I've known her since we were teenagers. We were very close friends for a while but as we got older we grew apart. Or...I grew apart and she sort of stayed just where she was. I've considered her a borderline toxic friend for the past several years and made an effort to distance myself from her somewhat. She's very self absorbed, every time we spoke all she would do is whine to me about her health and home life. The only reason I didn't cut off the friendship was that she moved out of state so I didn't have to see her much, and her SIL and brother are two of my closest friends. It seemed like a lot of hassle and drama when all I really had to do was listen to her bitch for a couple hours once a month.
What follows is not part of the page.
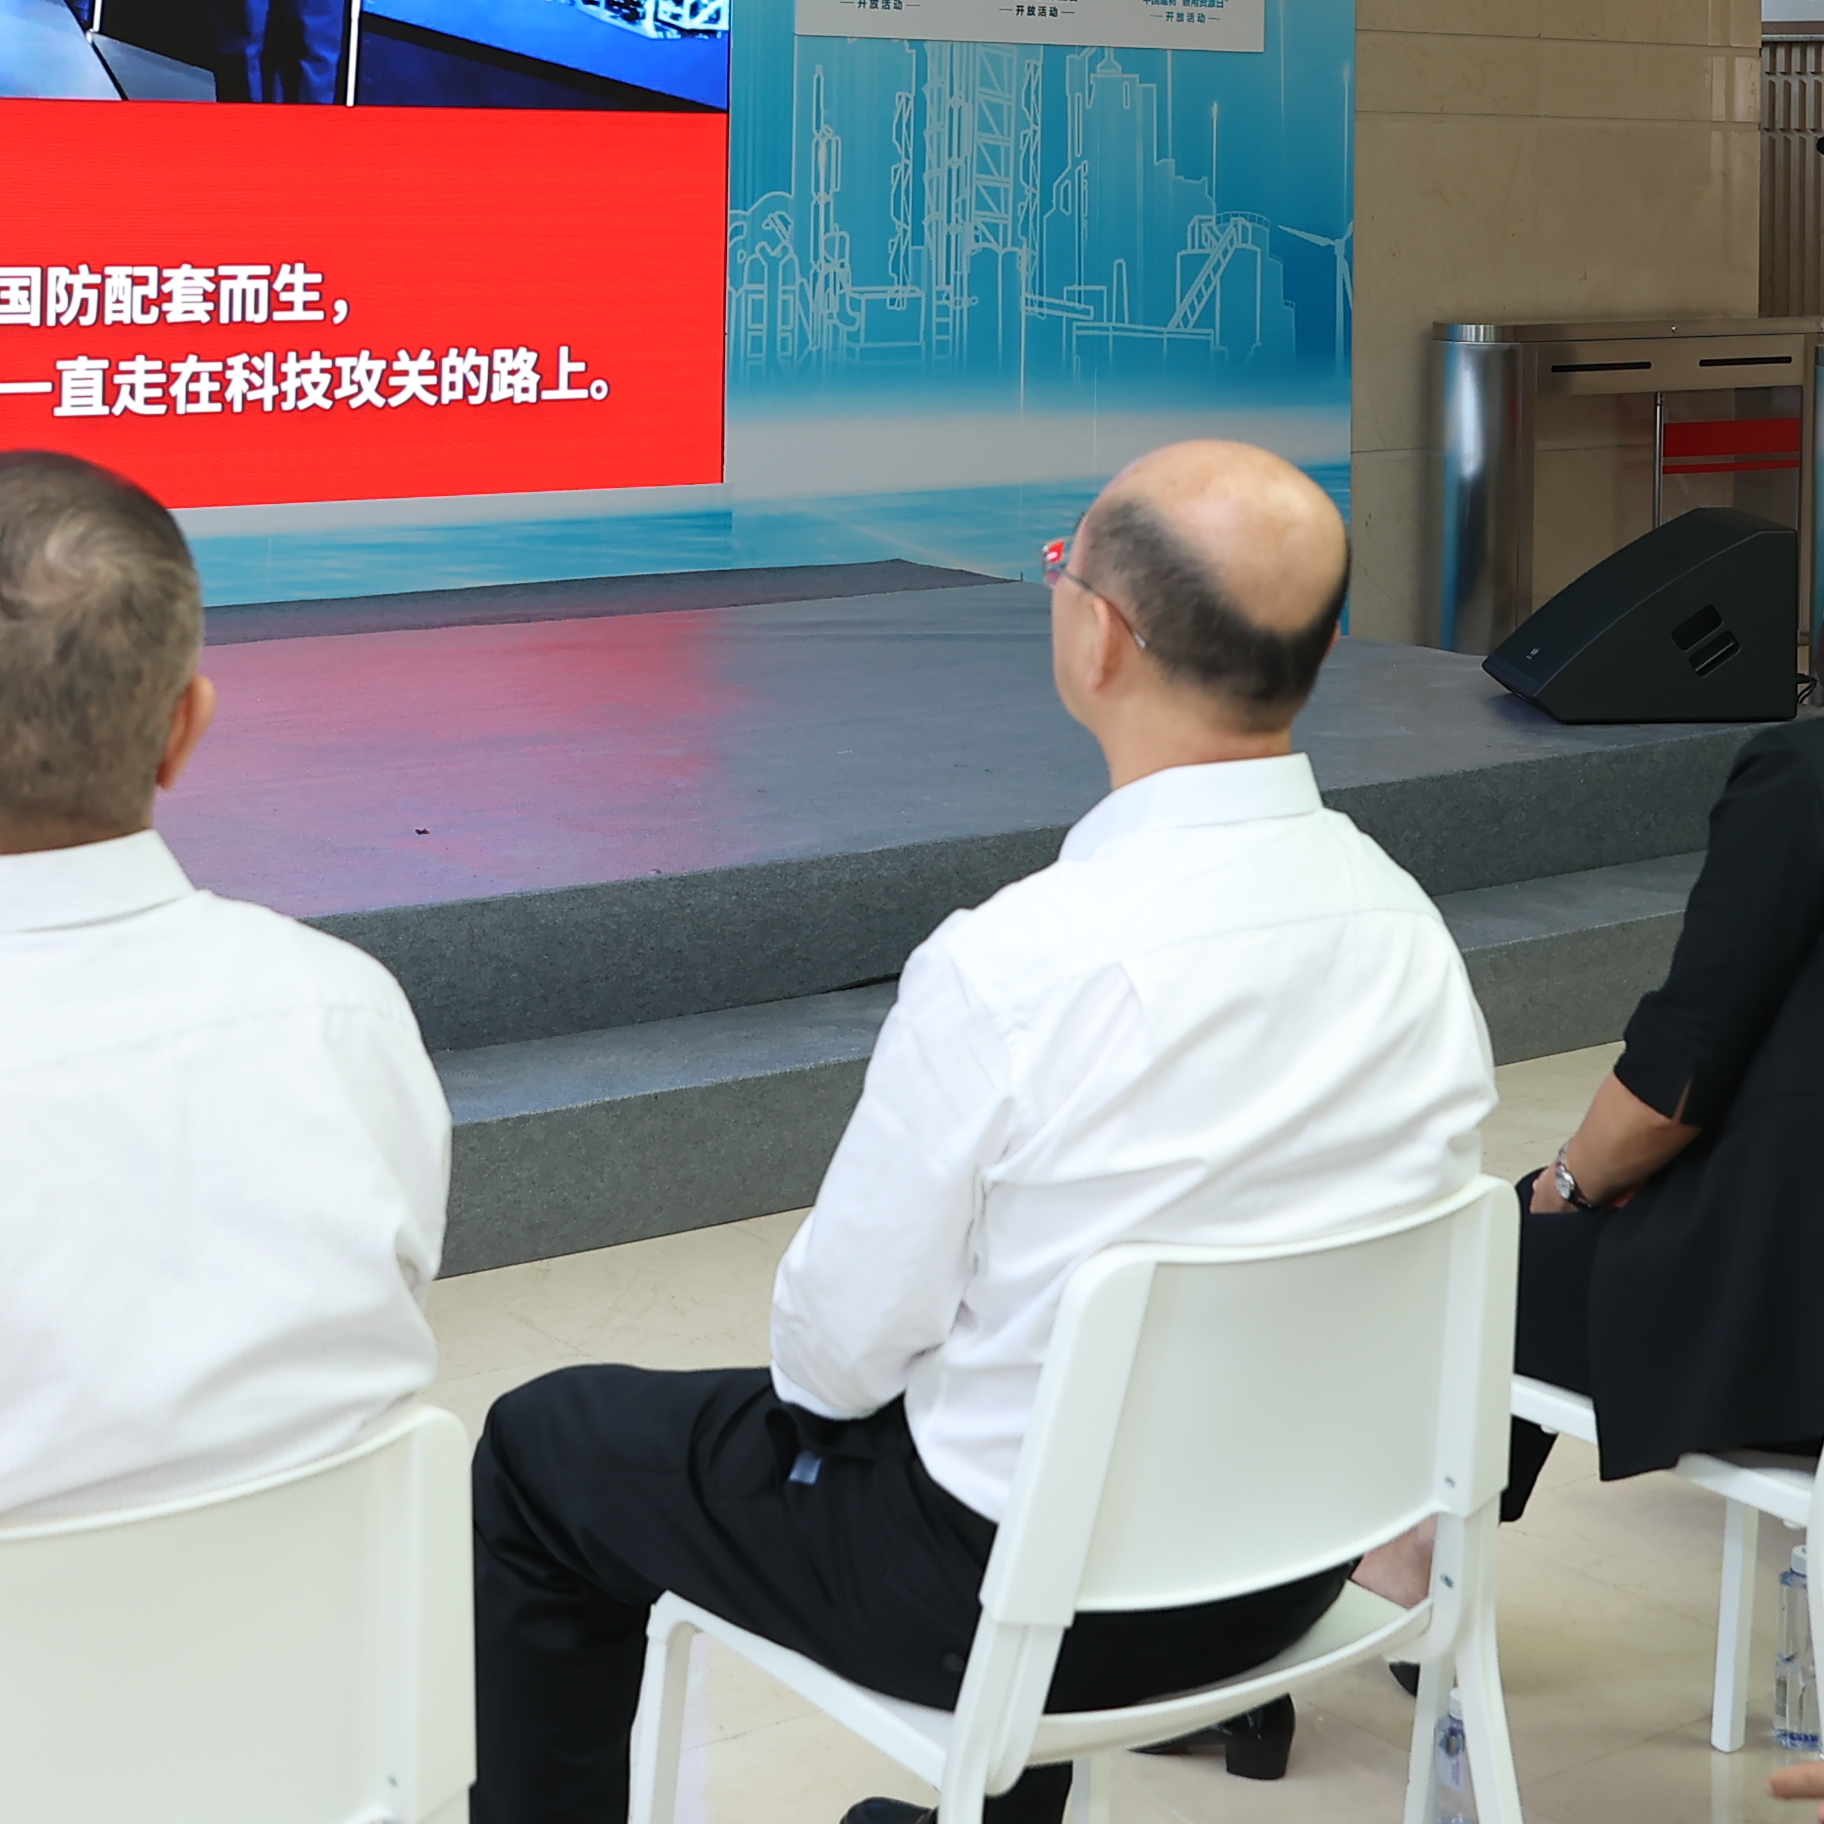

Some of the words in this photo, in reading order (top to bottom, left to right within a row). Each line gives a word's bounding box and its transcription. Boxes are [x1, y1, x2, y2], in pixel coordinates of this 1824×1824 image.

Then a lot of shit went down in my life. In the span of a week I realized I was in an abusive relationship and decided to get out. My now ex subsequently had me involuntarily hospitalized, claiming I'd attempted to kill myself. I hadn't. My family took his side and tried to have me kept in the hospital despite the doctors there saying I was fine and free to go. And within a couple days of escaping that mess, my mother was diagnosed with metastisized cancer and told she had less than six months to live.

At the same time my friends 15 year old cat had to be put down. She expected me to be able to set aside everything I was going through and comfort her through the loss of her cat. While I know losing a beloved pet is hard...so is hearing that your mother is about to die. So is having to deal with a family who thinks you're crazy. So is trying to leave an abusive boyfriend who works in law enforcement. I couldn't do it, so I sent her a text telling her how sorry I was and ignored her calls.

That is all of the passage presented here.